• **HOW TO COMPLETE THIS TASK**
Nothing but the lines from the one with "this 2048×1536 image." through the final line of the listing should appear in the answer, each copied exactly.

• **STORED DATA**
────────────────
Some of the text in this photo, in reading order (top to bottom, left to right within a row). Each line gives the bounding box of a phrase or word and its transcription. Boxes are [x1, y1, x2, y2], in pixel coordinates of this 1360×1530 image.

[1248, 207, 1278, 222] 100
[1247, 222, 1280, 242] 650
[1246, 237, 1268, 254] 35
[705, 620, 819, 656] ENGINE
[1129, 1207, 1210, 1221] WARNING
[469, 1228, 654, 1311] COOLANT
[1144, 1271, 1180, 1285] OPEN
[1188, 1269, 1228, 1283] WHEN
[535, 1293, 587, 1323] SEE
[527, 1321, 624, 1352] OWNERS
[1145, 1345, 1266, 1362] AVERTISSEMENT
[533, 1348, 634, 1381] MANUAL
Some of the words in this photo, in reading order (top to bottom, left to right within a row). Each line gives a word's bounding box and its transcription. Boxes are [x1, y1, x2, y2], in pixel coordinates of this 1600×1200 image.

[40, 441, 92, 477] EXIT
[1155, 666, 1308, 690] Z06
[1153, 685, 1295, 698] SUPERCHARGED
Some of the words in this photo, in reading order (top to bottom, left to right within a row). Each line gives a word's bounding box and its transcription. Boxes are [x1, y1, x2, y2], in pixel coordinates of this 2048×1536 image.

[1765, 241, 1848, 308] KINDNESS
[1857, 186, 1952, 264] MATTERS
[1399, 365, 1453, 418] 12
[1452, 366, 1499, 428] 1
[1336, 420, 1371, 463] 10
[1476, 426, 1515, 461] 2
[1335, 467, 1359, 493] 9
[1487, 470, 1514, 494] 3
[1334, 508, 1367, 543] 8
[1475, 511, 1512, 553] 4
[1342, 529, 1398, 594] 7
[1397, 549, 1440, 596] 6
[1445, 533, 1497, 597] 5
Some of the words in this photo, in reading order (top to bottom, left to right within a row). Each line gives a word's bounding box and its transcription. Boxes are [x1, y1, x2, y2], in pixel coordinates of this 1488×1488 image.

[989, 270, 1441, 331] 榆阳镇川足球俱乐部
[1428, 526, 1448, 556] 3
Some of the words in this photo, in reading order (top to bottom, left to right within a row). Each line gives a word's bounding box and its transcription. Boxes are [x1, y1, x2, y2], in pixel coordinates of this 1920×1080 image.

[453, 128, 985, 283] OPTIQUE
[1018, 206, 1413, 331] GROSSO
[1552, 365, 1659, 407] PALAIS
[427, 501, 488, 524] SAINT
────────────────
• **TASK RESULT**
Some of the words in this photo, in reading order (top to bottom, left to right within a row). Each line gives a word's bounding box and its transcription. Boxes are [x1, y1, x2, y2], in pixel coordinates of this 2048×1536 image.

[1765, 241, 1848, 308] KINDNESS
[1857, 186, 1952, 264] MATTERS
[1399, 365, 1453, 418] 12
[1452, 366, 1499, 428] 1
[1336, 420, 1371, 463] 10
[1476, 426, 1515, 461] 2
[1335, 467, 1359, 493] 9
[1487, 470, 1514, 494] 3
[1334, 508, 1367, 543] 8
[1475, 511, 1512, 553] 4
[1342, 529, 1398, 594] 7
[1397, 549, 1440, 596] 6
[1445, 533, 1497, 597] 5
Some of the words in this photo, in reading order (top to bottom, left to right within a row). Each line gives a word's bounding box and its transcription. Boxes are [x1, y1, x2, y2], in pixel coordinates of this 1488×1488 image.

[989, 270, 1441, 331] 榆阳镇川足球俱乐部
[1428, 526, 1448, 556] 3
Some of the words in this photo, in reading order (top to bottom, left to right within a row). Each line gives a word's bounding box and its transcription. Boxes are [x1, y1, x2, y2], in pixel coordinates of this 1920×1080 image.

[453, 128, 985, 283] OPTIQUE
[1018, 206, 1413, 331] GROSSO
[1552, 365, 1659, 407] PALAIS
[427, 501, 488, 524] SAINT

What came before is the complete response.